Decentralized asset trading, or liquidity pooling in decentralized finance services, is inextricably connected with the risk of losing funds due to the inherent price volatility of cryptocurrencies. One of the most common reasons for the deterioration of profits and portfolios on decentralized trading platforms is the risk of impermanent loss.
Impermanent Loss Explained
Impermanent loss is the potential loss of value or profits sustained as a result of the price difference of an asset within the timeframe when it was provided to a liquidity pool and the moment it was withdrawn. The loss will depend on the size of the difference in price between the two moments. In essence, it is a form of depreciation of the asset resulting from its value loss between the time of deposit and the time of withdrawal from the platform.
The more volatile an asset’s price, the higher the chance that its value will deteriorate and the greater the resulting difference in price. Relatively stable assets like stablecoins are less exposed to impermanent loss, as well as wrapped versions of some tokens or coins, which are usually contained within a relatively small price range.
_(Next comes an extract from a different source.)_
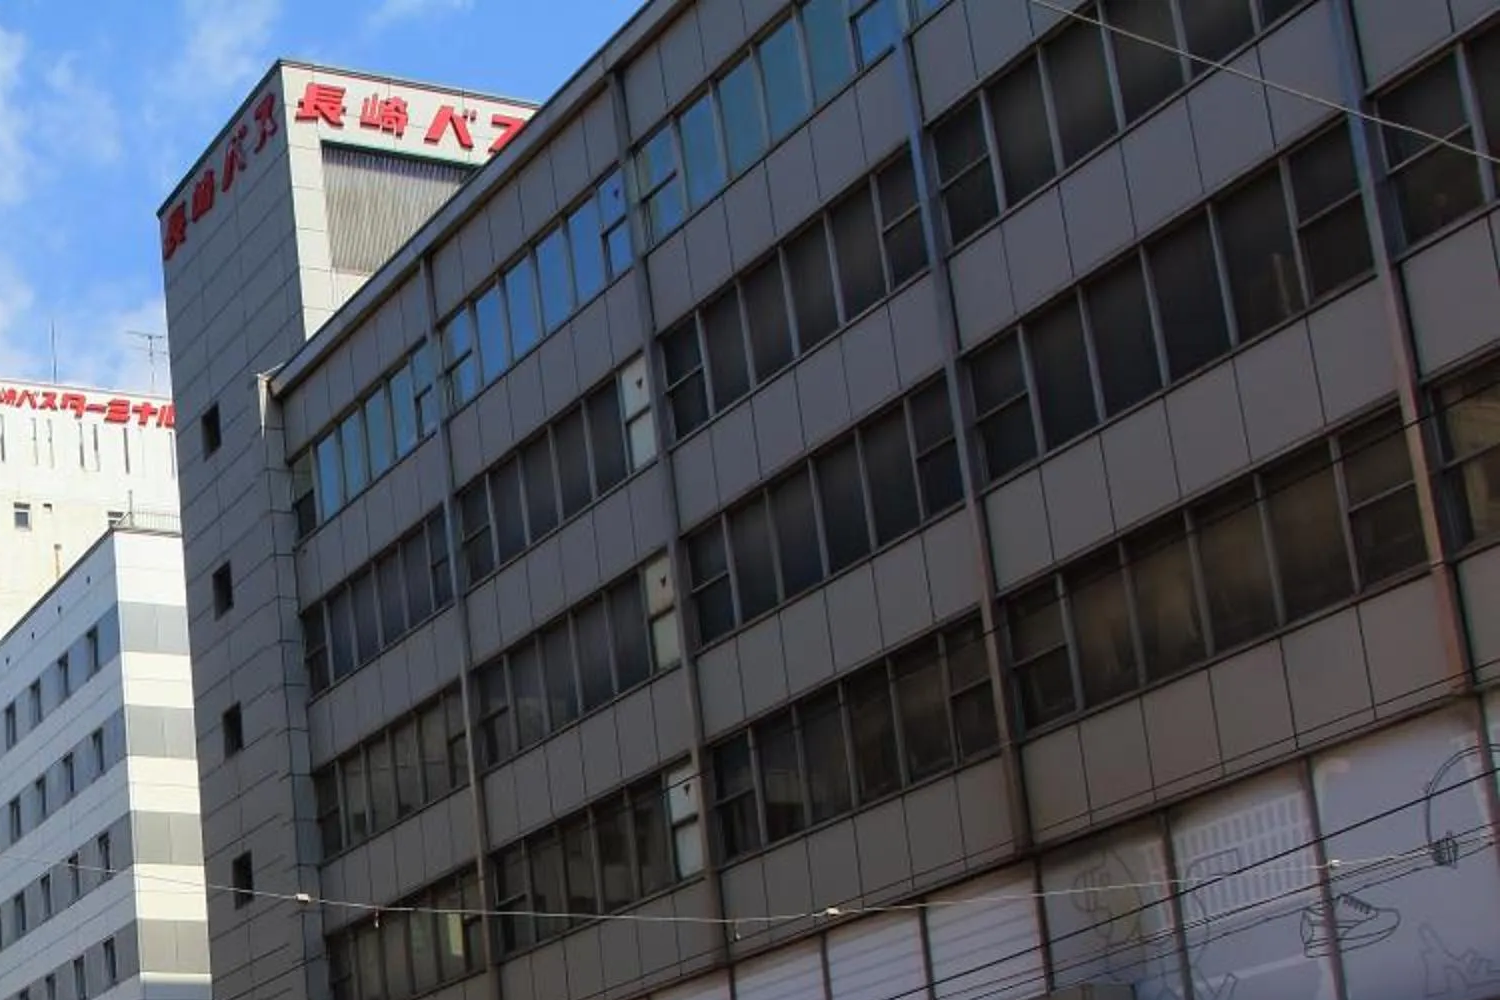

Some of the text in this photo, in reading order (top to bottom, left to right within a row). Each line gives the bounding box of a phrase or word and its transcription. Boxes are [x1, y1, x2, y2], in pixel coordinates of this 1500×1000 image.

[163, 91, 277, 261] 長崎バス
[295, 82, 526, 155] 長崎バス
Impermanent loss is often compared to slippage, which is the potential loss sustained as a result of the difference in price between the moment an asset’s order for sale is placed and the moment it is executed. The phenomenon of slippage is common for decentralized exchanges, but is related to the difference in time it takes miners to hash transactions after they are placed in the queue.
Impermanent loss is applied to liquidity pools like Uniswap, but is often counteracted on such platforms by trading fees. High trading volumes on popular platforms with demanded asset pairs make it profitable to provide liquidity to fuel trading, thus overcoming the potential losses resulting from impermanent loss.
Impermanent Loss Example
In a simple example, we shall illustrate the way impermanent loss happens. Let us consider a case of Alice depositing 1 ETH and an equivalent value of 100 Toncoin in a liquidity pool, where the price of the deposited assets is equal for the trading pair to be of equivalent value. In this hypothetical example, the price of ETH stands at 100 Toncoin, and the price of 1 Toncoin is $2, meaning that Alice has deposited $200. The liquidity pool in question currently contains 10 ETH and 1,000 Toncoin, with total liquidity being 10,000 Toncoin.
During the course of trading, ETH suddenly spikes in price to 400 Toncoin, or fourfold. As a result, the arbitrage traders in the market will immediately act to balance out the ratio, removing ETH and injecting more Toncoin to reflect market prices. With the new ratio, there are currently 5 ETH and 2,000 Toncoin in the given liquidity pool.
Given that Alice held 10% of the pool, she decides to withdraw her assets, or 0.5 ETH and 200 Toncoin at $400 in total. It may seem at first glance that Alice’s USD deposit has doubled, but in reality, if she had held 1 ETH and 100 Toncoin, instead of withdrawing, the combined value of the given pair would have been $500. Essentially, Alice is at a loss of $100 as a result of impermanent loss arising from price changes during the time of deposit and withdrawal.
Calculating Impermanent Loss
The formula for calculating impermanent loss is quite simple and requires one to subtract the initial deposit exchange value from the ending balance exchange value.
Another way to calculate impermanent loss is to apply the impermanent loss curve function, which will provide a straightforward formula indicating the ratio of price change resulting in the impermanent loss in percentage terms.